In 2017, the Alzheimer’s Society published a study examining the possible link between dementia and head injuries sustained by playing football. Studies published within the article detailed that “the brains of sportspeople after they have died have identified that a condition called Chronic Traumatic Encephalopathy (CTE) could be linked to high-collision sports.” The study was revealed to be particularly complicated as a vast amount of the brains that were examined showed signs of more than one form of dementia. Researchers concluded the study by stating that “based on current evidence, the risk arising from contact sports in the development of dementia remains uncertain. If such a link does exist, the contribution of concussion and milder forms of head injury to overall risk is likely to be small.”

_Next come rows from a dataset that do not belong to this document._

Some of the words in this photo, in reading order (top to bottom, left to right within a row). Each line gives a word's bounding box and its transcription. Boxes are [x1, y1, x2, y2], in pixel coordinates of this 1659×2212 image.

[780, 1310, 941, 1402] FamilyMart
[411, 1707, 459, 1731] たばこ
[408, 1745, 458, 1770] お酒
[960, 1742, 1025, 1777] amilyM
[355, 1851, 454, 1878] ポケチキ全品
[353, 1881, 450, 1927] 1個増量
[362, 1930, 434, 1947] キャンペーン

Fast-forward two years later, a new 22-month long research study proving otherwise has sparked wide debate among the media. The statement made by the Telegraph proclaimed that for footballers, “there was a five-fold increase in the risk of Alzheimer’s, a four-fold increase in Motor Neurone disease and a two-fold increase in Parkinson’s.” The research also mentions that, “former footballers were almost five times more likely to have been prescribed dementia drugs.” Additionally, it declares that they are unable to confirm if the causes of brain disease have occurred because of concussions or constant heading of footballs. After these results, the Football Association decided to financially back the research and encourage examinations to continue.

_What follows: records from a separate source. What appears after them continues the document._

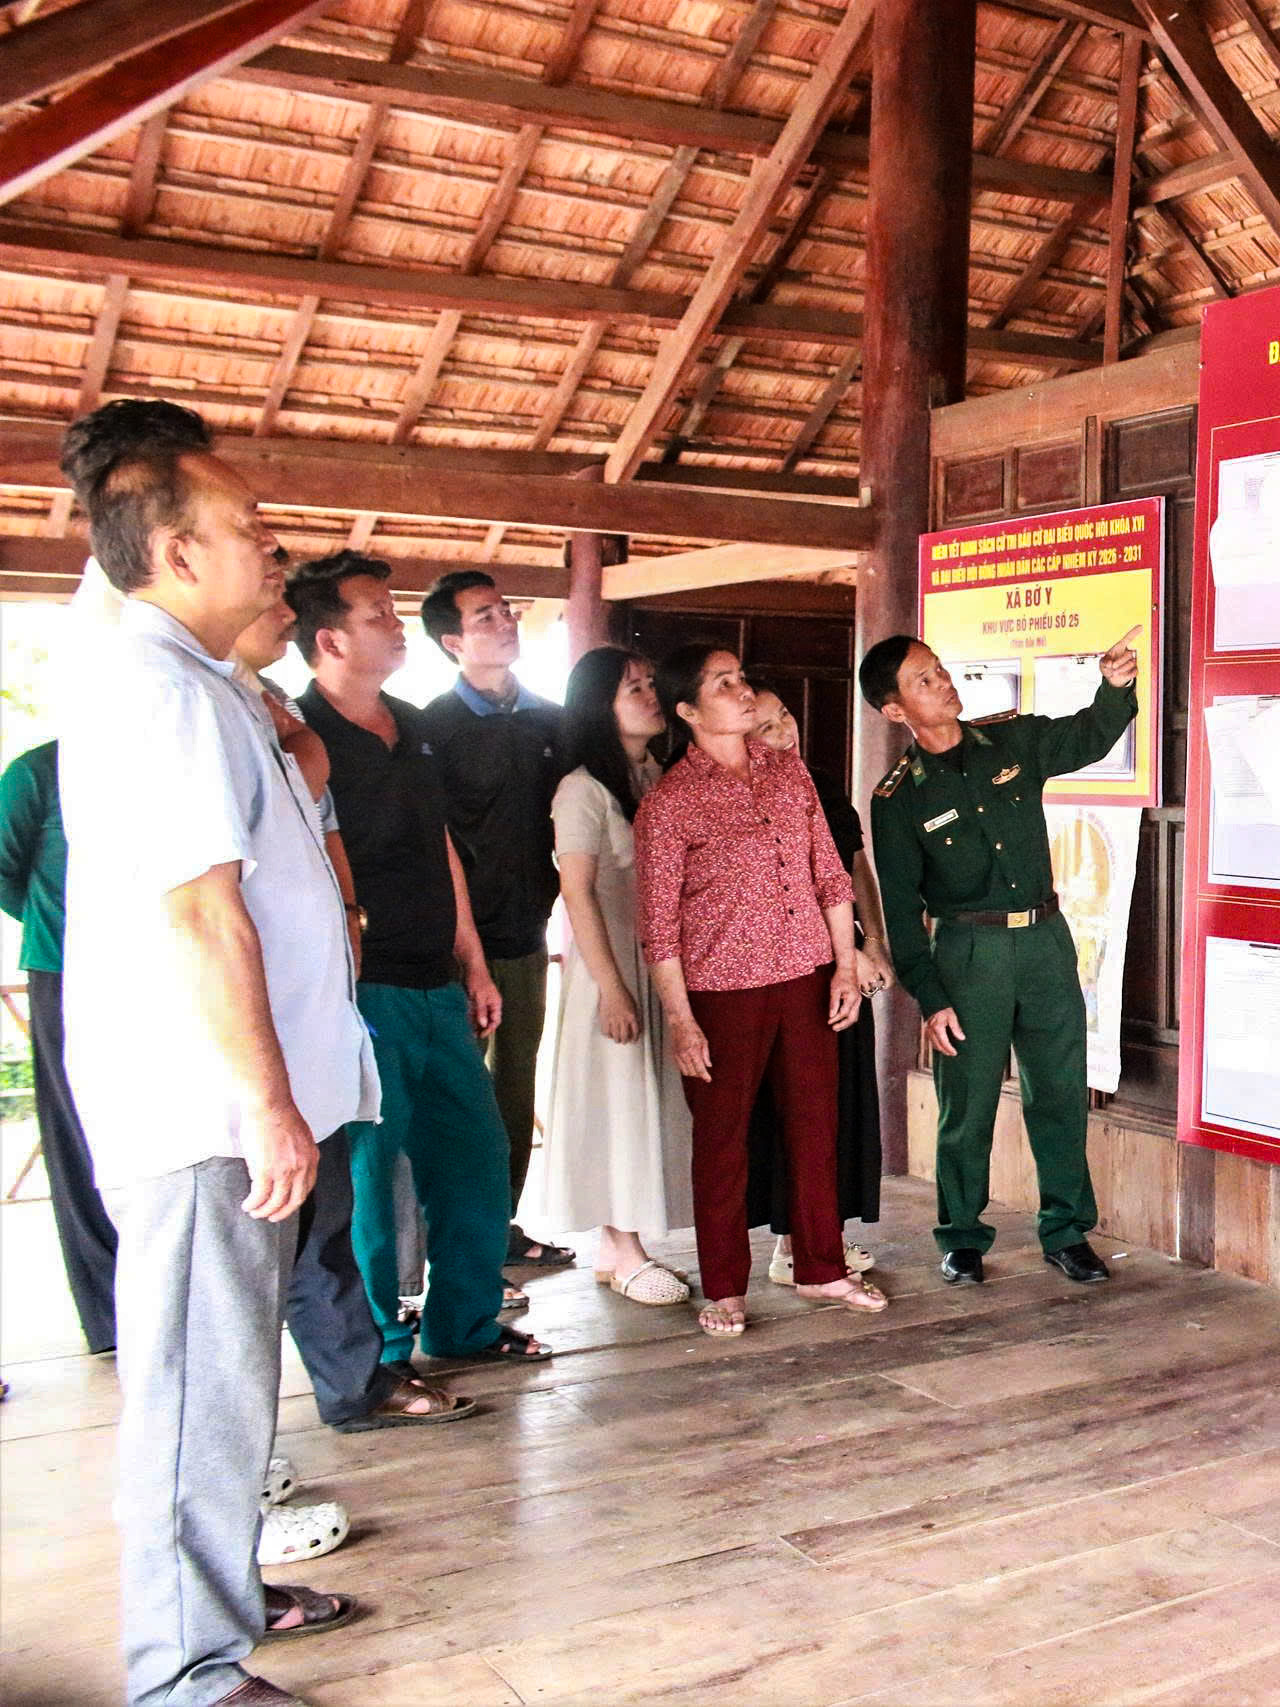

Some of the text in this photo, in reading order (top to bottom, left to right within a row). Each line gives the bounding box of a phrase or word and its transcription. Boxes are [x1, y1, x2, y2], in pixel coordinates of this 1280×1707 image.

[1110, 514, 1130, 536] KHÓA
[1132, 515, 1144, 532] XVI
[1087, 547, 1097, 567] KỲ
[1099, 548, 1116, 565] 2026
[1124, 545, 1141, 562] 2031
[1006, 587, 1021, 609] XÃ
[1045, 587, 1052, 605] Y
[1029, 612, 1053, 630] PHIẾU
[1055, 610, 1066, 628] SỐ
[1069, 613, 1079, 627] 25

The statistics of people living with dementia or Alzheimer’s are rapidly increasing, so many are turning to science for clarification. Progression towards curing cancer looks promising, but for dementia, it is starting to look more than plausible. Scientists have conducted a sequence of tests that have proved successful for delaying the onset of Alzheimer’s.
Social interaction is the most advised by doctors and nurses, as regular engagement has shown to spark brain connections, which can stimulate activity. Mental and physical exercise have also been tested to see if mental encouragement can slow down the Alzheimer’s, as well as slowing down cognitive declination. Both have been proven to be effective. Encouraging a person living with dementia or Alzheimer’s to keep a well-balanced diet is vital to improve their energy, as well as their memory.
Although it is not yet finalised, medical experts are on the verge of a scientific breakthrough. A mere three years ago, Alzheimer’s Research UK announced that plans for a vaccination that would delay the onset effects of Alzheimer’s were entering an early stage of clinical trials. The vaccine aims to halt, slow or reverse the disease in its tracks, and could possibly be life-changing for those who show symptoms of dementia in its early stages.
Dementia Awareness Month may have just passed by, but for families with people living with dementia or Alzheimer’s, awareness should be a daily occurrence, even though the future remains hopeful with a vaccine in sight. For anyone who wishes to improve their knowledge or understanding of dementia, inquiring at your local care home and spending some time with those living with the disorder is a good start.